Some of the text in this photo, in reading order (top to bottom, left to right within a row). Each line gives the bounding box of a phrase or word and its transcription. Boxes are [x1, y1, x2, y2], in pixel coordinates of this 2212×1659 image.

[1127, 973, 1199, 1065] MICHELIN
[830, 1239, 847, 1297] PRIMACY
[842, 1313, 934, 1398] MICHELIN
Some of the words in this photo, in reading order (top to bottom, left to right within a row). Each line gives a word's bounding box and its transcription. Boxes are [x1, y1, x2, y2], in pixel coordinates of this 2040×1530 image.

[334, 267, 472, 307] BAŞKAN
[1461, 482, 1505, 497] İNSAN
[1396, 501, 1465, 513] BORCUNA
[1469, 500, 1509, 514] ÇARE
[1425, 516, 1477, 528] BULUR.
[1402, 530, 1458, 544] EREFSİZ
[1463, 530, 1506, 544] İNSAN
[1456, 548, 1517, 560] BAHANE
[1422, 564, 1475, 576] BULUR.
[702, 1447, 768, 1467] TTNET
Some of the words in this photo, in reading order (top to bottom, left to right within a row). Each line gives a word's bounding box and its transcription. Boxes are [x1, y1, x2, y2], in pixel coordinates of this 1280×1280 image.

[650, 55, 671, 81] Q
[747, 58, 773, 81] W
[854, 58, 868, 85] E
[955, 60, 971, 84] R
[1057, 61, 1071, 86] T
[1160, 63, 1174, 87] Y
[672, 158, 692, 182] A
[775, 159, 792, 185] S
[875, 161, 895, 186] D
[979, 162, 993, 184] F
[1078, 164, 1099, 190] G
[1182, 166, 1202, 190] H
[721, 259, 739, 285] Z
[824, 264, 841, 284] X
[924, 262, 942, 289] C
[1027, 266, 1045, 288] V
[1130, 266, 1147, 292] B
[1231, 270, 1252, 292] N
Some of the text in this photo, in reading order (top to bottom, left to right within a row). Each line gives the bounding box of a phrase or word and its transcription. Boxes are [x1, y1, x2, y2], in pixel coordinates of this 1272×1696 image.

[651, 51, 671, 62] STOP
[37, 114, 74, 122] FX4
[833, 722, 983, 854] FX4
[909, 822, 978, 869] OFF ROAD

■ ■ ■ ■ ■

TASK ITEM — Working through the records above, copy each one exactly.

RESULT FOR THIS TASK —
Some of the text in this photo, in reading order (top to bottom, left to right within a row). Each line gives the bounding box of a phrase or word and its transcription. Boxes are [x1, y1, x2, y2], in pixel coordinates of this 2212×1659 image.

[1127, 973, 1199, 1065] MICHELIN
[830, 1239, 847, 1297] PRIMACY
[842, 1313, 934, 1398] MICHELIN
Some of the words in this photo, in reading order (top to bottom, left to right within a row). Each line gives a word's bounding box and its transcription. Boxes are [x1, y1, x2, y2], in pixel coordinates of this 2040×1530 image.

[334, 267, 472, 307] BAŞKAN
[1461, 482, 1505, 497] İNSAN
[1396, 501, 1465, 513] BORCUNA
[1469, 500, 1509, 514] ÇARE
[1425, 516, 1477, 528] BULUR.
[1402, 530, 1458, 544] EREFSİZ
[1463, 530, 1506, 544] İNSAN
[1456, 548, 1517, 560] BAHANE
[1422, 564, 1475, 576] BULUR.
[702, 1447, 768, 1467] TTNET
Some of the words in this photo, in reading order (top to bottom, left to right within a row). Each line gives a word's bounding box and its transcription. Boxes are [x1, y1, x2, y2], in pixel coordinates of this 1280×1280 image.

[650, 55, 671, 81] Q
[747, 58, 773, 81] W
[854, 58, 868, 85] E
[955, 60, 971, 84] R
[1057, 61, 1071, 86] T
[1160, 63, 1174, 87] Y
[672, 158, 692, 182] A
[775, 159, 792, 185] S
[875, 161, 895, 186] D
[979, 162, 993, 184] F
[1078, 164, 1099, 190] G
[1182, 166, 1202, 190] H
[721, 259, 739, 285] Z
[824, 264, 841, 284] X
[924, 262, 942, 289] C
[1027, 266, 1045, 288] V
[1130, 266, 1147, 292] B
[1231, 270, 1252, 292] N
Some of the text in this photo, in reading order (top to bottom, left to right within a row). Each line gives the bounding box of a phrase or word and its transcription. Boxes are [x1, y1, x2, y2], in pixel coordinates of this 1272×1696 image.

[651, 51, 671, 62] STOP
[37, 114, 74, 122] FX4
[833, 722, 983, 854] FX4
[909, 822, 978, 869] OFF ROAD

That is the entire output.